Ligand-guided Sequence-structure Co-design of De Novo Functional Enzymes

Proteins underpin essential biological functions across all kingdoms of life. The capacity to design novel proteins with tailored activities holds transformative potential for biotechnology, medicine, and sustainability. However, since protein functions, particularly enzymatic activities, depend on precise interactions with small-molecule ligands, accurately modeling these interactions remains a formidable challenge in de novo protein design. Here, we present ProteinNet, a large-scale generative model for the simultaneous co-design of protein sequence and structure with ligand-guided functional targeting. ProteinNet integrates Transformer-based sequence modeling with equivariant graph neural networks for 3D structural representation and an explicit protein-ligand interaction module. This model architecture enables targeted design from heterogeneous inputs, including binding ligands, functionally important residues, and evolutionary taxonomy.
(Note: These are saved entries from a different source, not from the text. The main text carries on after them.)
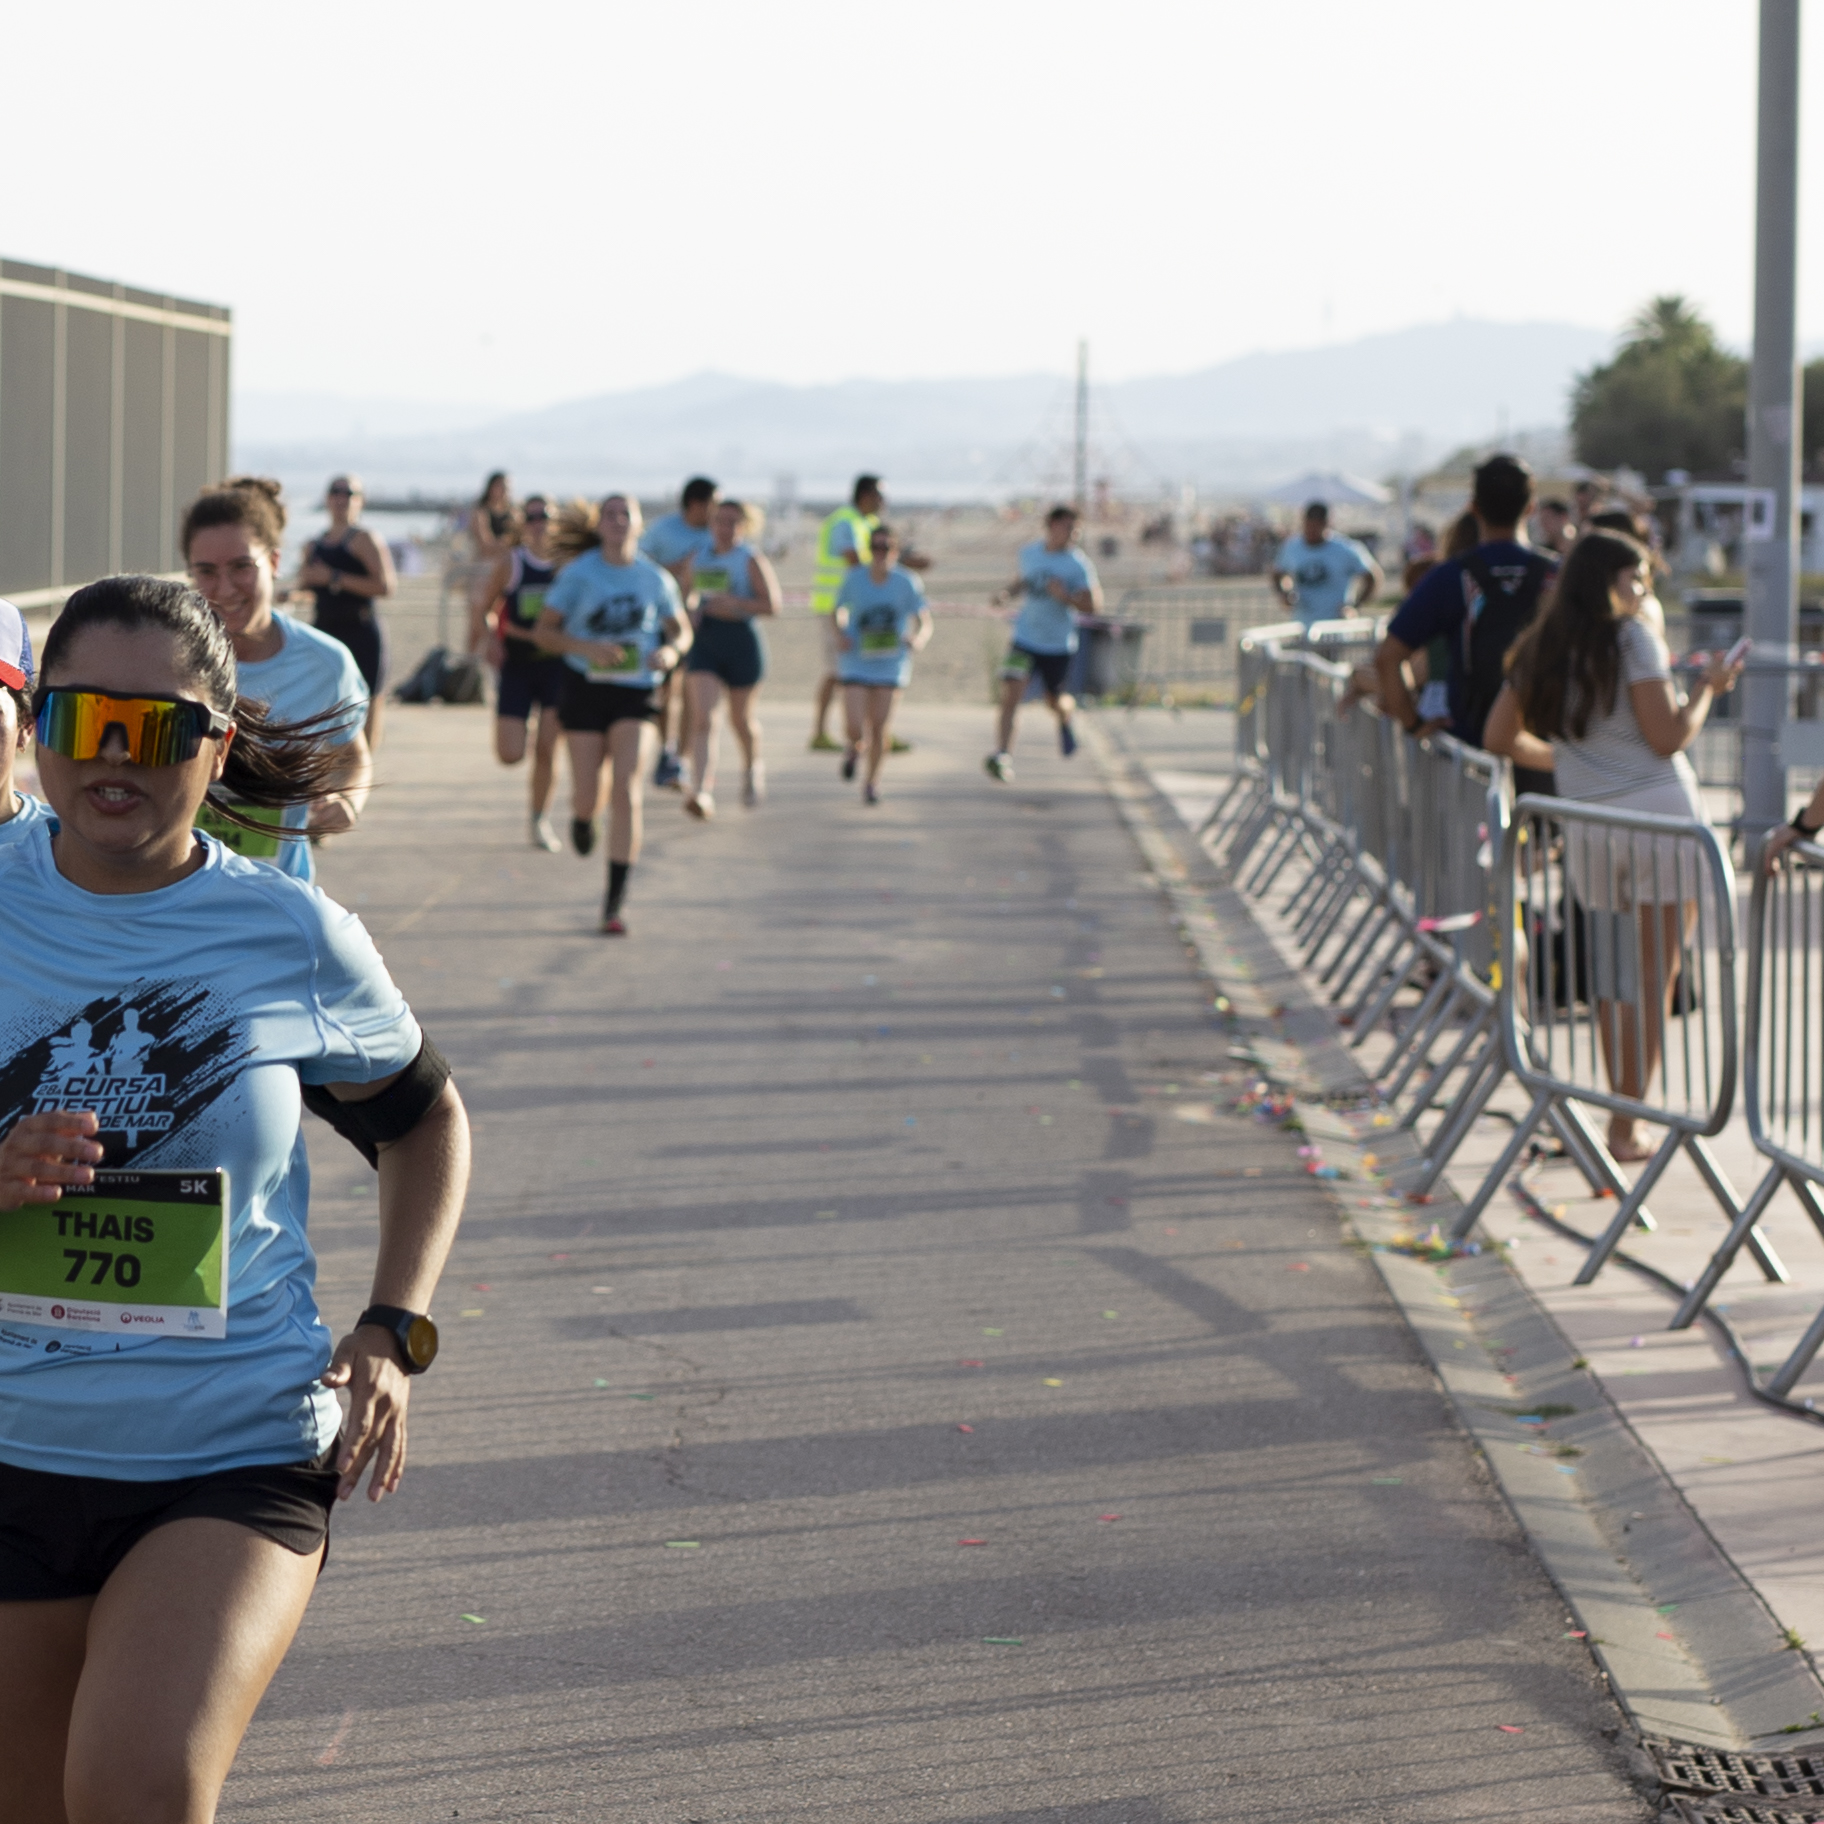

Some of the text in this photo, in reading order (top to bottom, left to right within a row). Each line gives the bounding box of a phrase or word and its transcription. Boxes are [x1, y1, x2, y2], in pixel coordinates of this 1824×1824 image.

[63, 1076, 162, 1097] CURSA
[125, 1115, 171, 1128] MAR
[65, 1185, 96, 1193] MAR
[180, 1179, 208, 1194] 5K
[52, 1210, 154, 1243] THAIS
[63, 1248, 141, 1288] 770
[133, 1315, 165, 1324] VEOLIA
ProteinNet is a 730-million-parameter foundation model trained on 720,993 protein-ligand complexes using multi-task learning objectives, encompassing sequence, structure, and protein-ligand interaction prediction. In rigorous in silico benchmarks, ProteinNet consistently outperforms state-of-the-art baselines, including Inpainting, RFdiffusion/ProteinMPNN, and AlphaFold3/LigandMPNN, as measured by enzyme--substrate prediction scores, AlphaFold2 confidence metrics, and structural fidelity. We further experimentally validated \model across multiple enzyme families, including chloramphenicol acetyltransferase, aminoglycoside adenylyltransferase, and thiopurine S-methyltransferase. De novo enzymes generated by our fine-tuned ProteinNet exhibited catalytic activities comparable to or exceeding those of naturally enzymes, while retaining substantial novelty with sequence identities as low as 51.6%. These results establish ProteinNet as a robust Artificial Intelligence-based platform for functional enzyme design, demonstrating the power of large protein foundation models to create high-performance, novel biocatalysts.